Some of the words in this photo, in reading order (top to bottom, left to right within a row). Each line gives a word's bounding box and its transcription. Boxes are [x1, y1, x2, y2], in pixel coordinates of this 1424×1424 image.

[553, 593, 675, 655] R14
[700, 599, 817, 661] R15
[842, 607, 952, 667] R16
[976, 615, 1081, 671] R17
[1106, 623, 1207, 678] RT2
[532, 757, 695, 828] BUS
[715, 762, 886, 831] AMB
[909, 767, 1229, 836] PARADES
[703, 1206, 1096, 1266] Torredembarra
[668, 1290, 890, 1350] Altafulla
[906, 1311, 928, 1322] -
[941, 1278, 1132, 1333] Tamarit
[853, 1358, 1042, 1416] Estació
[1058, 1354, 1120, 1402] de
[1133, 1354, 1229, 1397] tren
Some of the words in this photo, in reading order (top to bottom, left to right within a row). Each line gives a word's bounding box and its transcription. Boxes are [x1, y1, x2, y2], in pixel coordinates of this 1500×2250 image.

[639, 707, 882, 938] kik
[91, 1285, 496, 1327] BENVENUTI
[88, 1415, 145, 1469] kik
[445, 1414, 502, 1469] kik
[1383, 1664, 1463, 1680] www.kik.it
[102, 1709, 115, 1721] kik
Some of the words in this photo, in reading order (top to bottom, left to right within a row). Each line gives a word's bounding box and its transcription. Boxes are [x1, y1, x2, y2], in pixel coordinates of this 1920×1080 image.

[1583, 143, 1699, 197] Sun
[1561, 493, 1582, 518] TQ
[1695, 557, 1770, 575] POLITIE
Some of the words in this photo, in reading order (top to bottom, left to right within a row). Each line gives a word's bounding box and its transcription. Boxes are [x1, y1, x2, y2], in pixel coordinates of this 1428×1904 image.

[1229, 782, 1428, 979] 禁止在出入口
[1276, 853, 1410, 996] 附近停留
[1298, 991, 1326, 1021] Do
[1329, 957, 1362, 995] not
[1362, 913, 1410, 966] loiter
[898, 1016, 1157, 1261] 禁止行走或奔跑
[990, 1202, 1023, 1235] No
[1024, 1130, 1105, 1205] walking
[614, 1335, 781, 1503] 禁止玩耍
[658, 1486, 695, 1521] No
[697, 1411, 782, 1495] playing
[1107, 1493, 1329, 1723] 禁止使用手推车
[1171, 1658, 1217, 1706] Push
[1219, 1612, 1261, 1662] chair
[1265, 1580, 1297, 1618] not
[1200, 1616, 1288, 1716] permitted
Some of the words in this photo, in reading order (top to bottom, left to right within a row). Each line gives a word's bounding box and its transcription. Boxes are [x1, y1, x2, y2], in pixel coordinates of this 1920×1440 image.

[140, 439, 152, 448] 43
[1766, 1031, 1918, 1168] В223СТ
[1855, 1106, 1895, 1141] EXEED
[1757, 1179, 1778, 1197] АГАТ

■ **Exercise directions**
Once the line with "this 1920×1440 image." has been found in the records above, retype it and every line after it exactly, and include nothing else.

■ **Answer box**
Some of the words in this photo, in reading order (top to bottom, left to right within a row). Each line gives a word's bounding box and its transcription. Boxes are [x1, y1, x2, y2], in pixel coordinates of this 1920×1440 image.

[140, 439, 152, 448] 43
[1766, 1031, 1918, 1168] В223СТ
[1855, 1106, 1895, 1141] EXEED
[1757, 1179, 1778, 1197] АГАТ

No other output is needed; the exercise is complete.